[The data Boundary: Start]

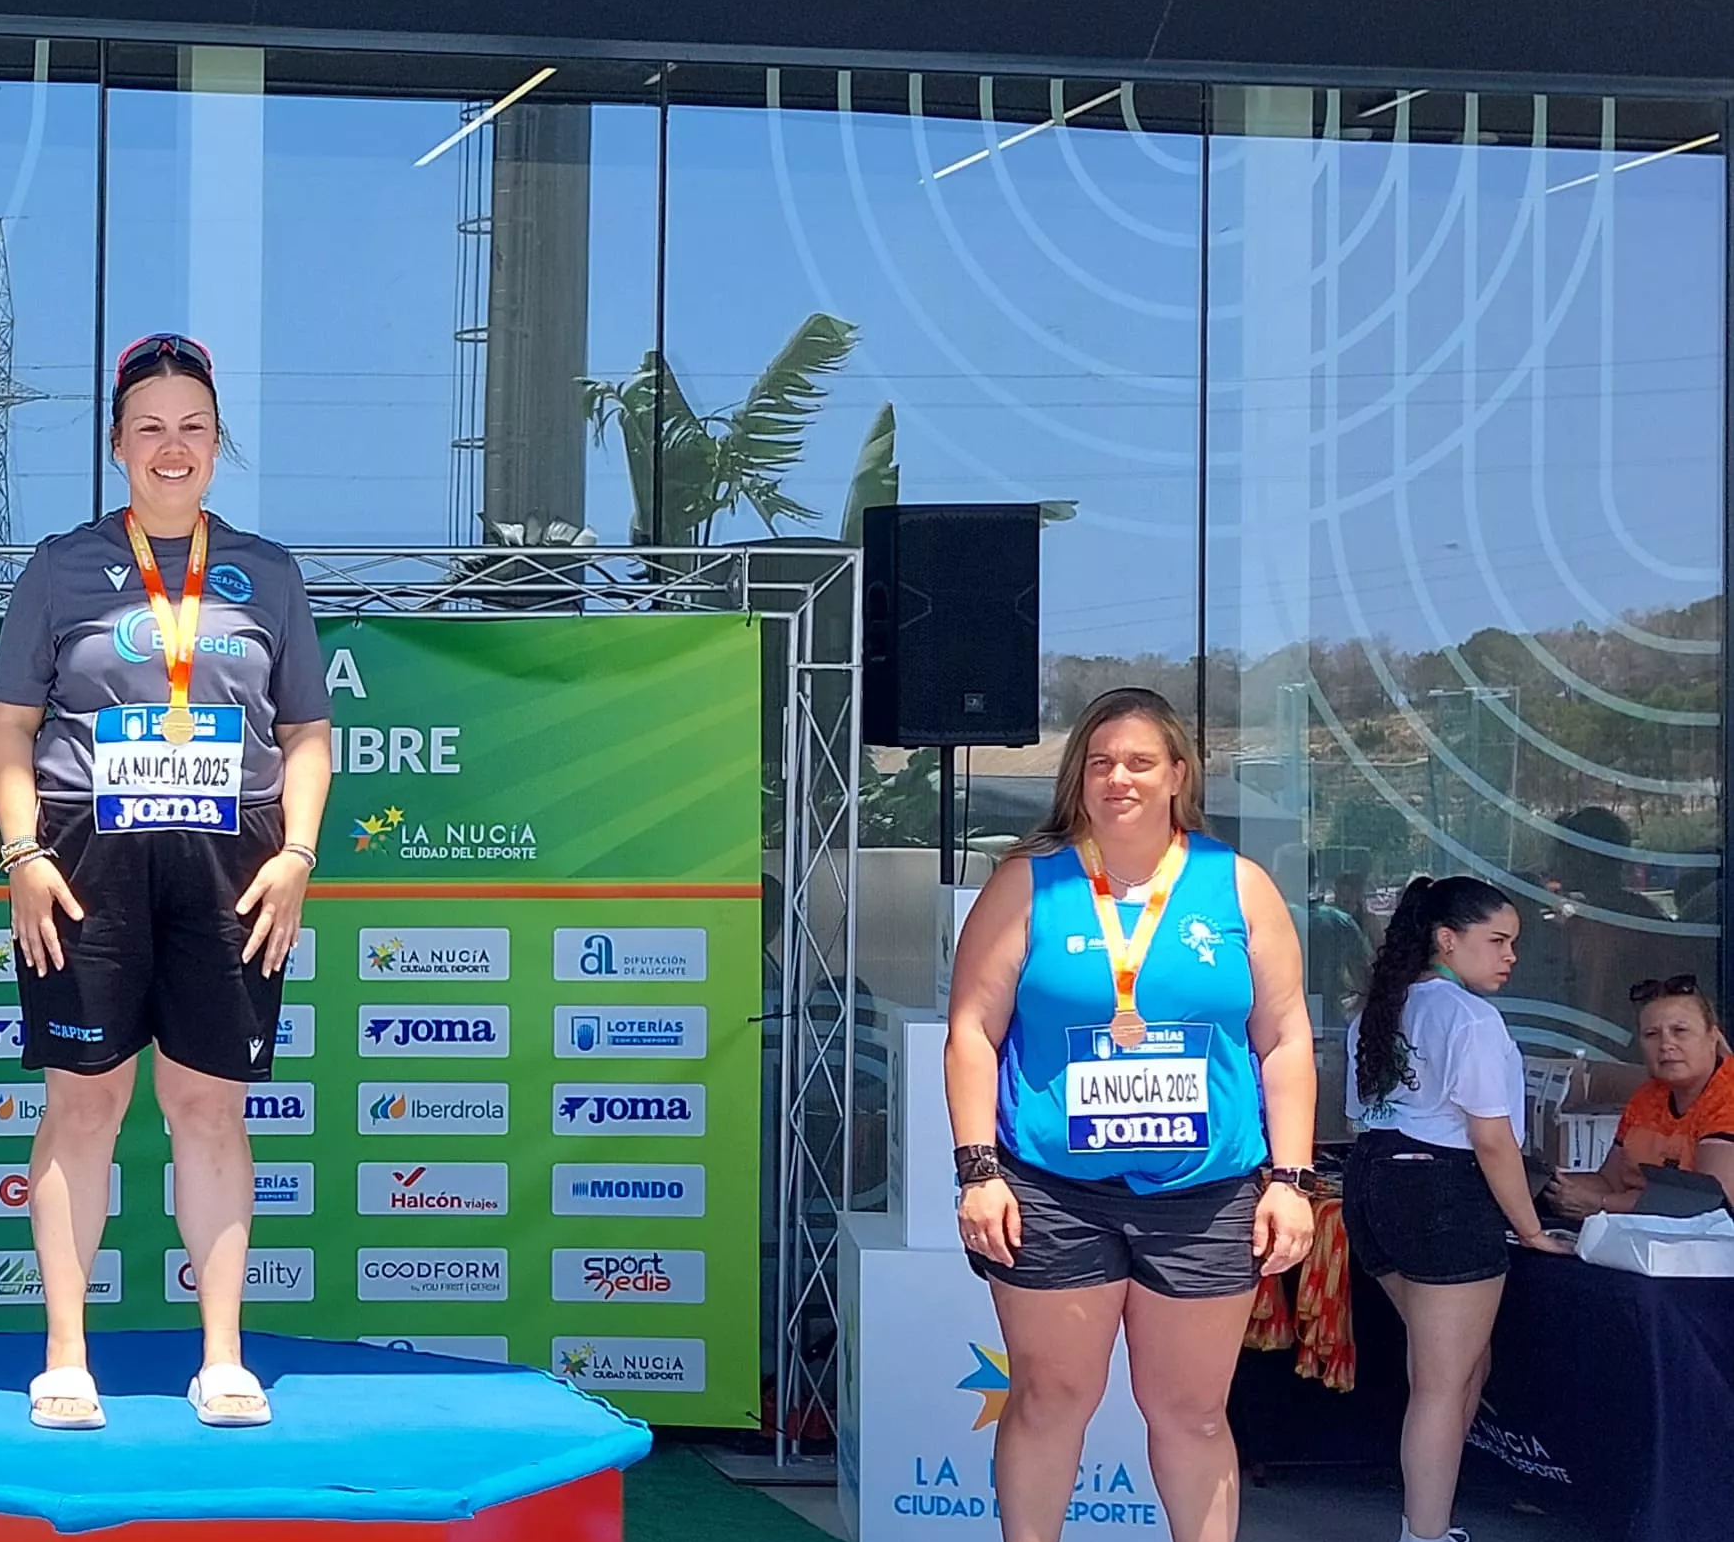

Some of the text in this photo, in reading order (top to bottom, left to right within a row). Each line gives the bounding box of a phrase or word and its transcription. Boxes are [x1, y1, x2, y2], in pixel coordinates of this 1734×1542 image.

[331, 727, 460, 774] IBRE
[108, 748, 231, 786] LA NUCÍA 2025
[401, 824, 429, 844] LA
[400, 846, 537, 859] CIUDAD DEL DEPORTE
[400, 951, 420, 963] LA
[607, 1019, 683, 1033] LOTERÍAS
[1081, 1067, 1199, 1105] LA NUCÍA 2025
[244, 1096, 306, 1119] ma
[411, 1100, 504, 1119] Iberdrola
[590, 1180, 683, 1199] MONDO
[391, 1191, 498, 1210] Halcón viajes
[365, 1262, 499, 1278] GOODFORM
[593, 1355, 612, 1370] LA
[593, 1370, 625, 1380] CIUDAD
[916, 1457, 959, 1487] LA
[894, 1495, 985, 1517] CIUDAD
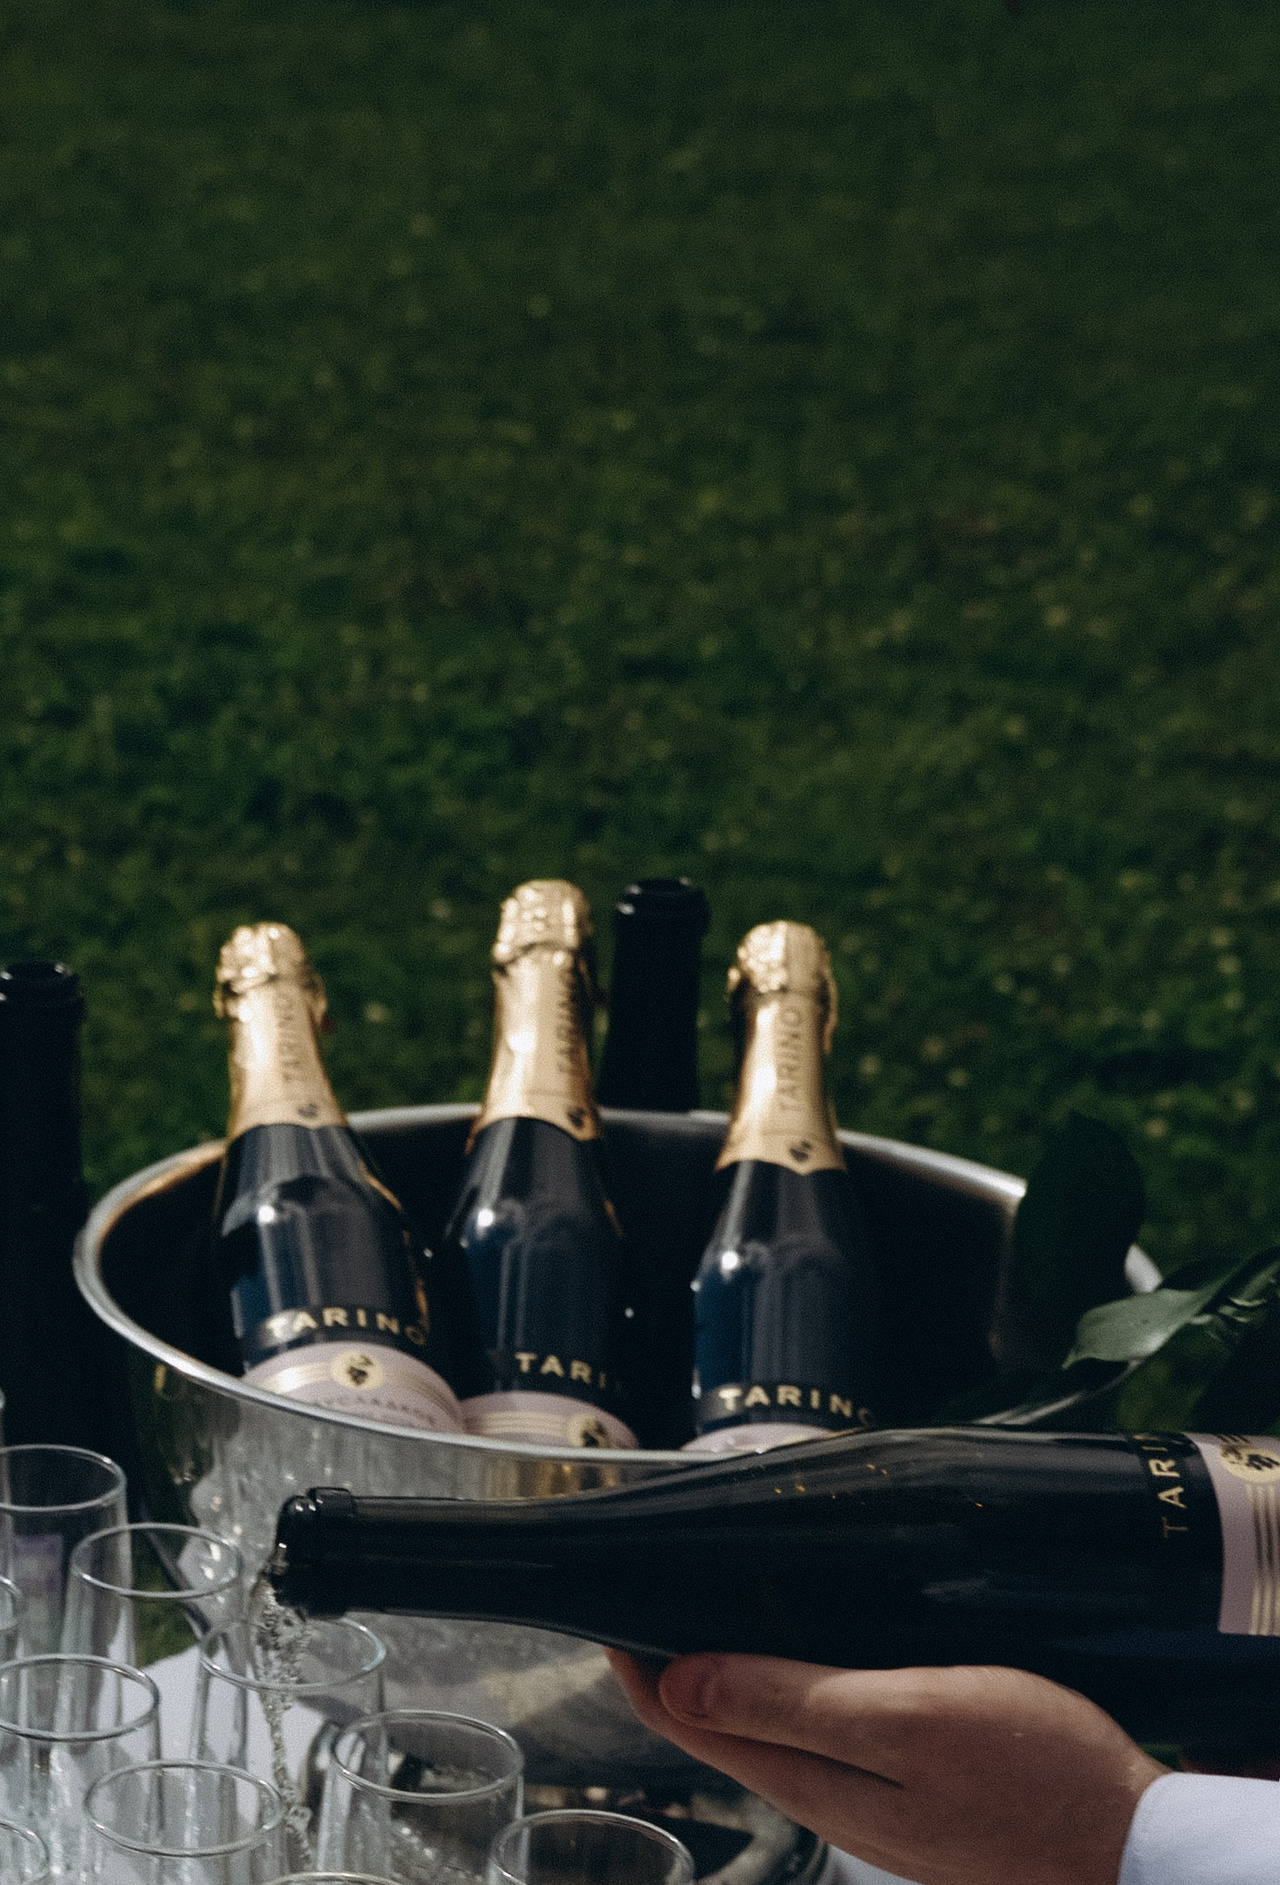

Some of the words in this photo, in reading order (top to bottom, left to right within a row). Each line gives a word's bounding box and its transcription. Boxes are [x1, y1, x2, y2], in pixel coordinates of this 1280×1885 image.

[776, 1005, 806, 1113] TARINO
[515, 1351, 607, 1389] TARI
[1133, 1434, 1188, 1538] TARI

[The data Boundary: End]

Reproduce each entry exactly, without the pictures.

Some of the text in this photo, in reading order (top to bottom, left to right within a row). Each line gives the bounding box of a phrase or word and its transcription. Boxes are [x1, y1, x2, y2], in pixel coordinates of this 1734×1542 image.

[331, 727, 460, 774] IBRE
[108, 748, 231, 786] LA NUCÍA 2025
[401, 824, 429, 844] LA
[400, 846, 537, 859] CIUDAD DEL DEPORTE
[400, 951, 420, 963] LA
[607, 1019, 683, 1033] LOTERÍAS
[1081, 1067, 1199, 1105] LA NUCÍA 2025
[244, 1096, 306, 1119] ma
[411, 1100, 504, 1119] Iberdrola
[590, 1180, 683, 1199] MONDO
[391, 1191, 498, 1210] Halcón viajes
[365, 1262, 499, 1278] GOODFORM
[593, 1355, 612, 1370] LA
[593, 1370, 625, 1380] CIUDAD
[916, 1457, 959, 1487] LA
[894, 1495, 985, 1517] CIUDAD

Some of the words in this photo, in reading order (top to bottom, left to right within a row). Each line gives a word's bounding box and its transcription. Boxes are [x1, y1, x2, y2], in pixel coordinates of this 1280×1885 image.

[776, 1005, 806, 1113] TARINO
[515, 1351, 607, 1389] TARI
[1133, 1434, 1188, 1538] TARI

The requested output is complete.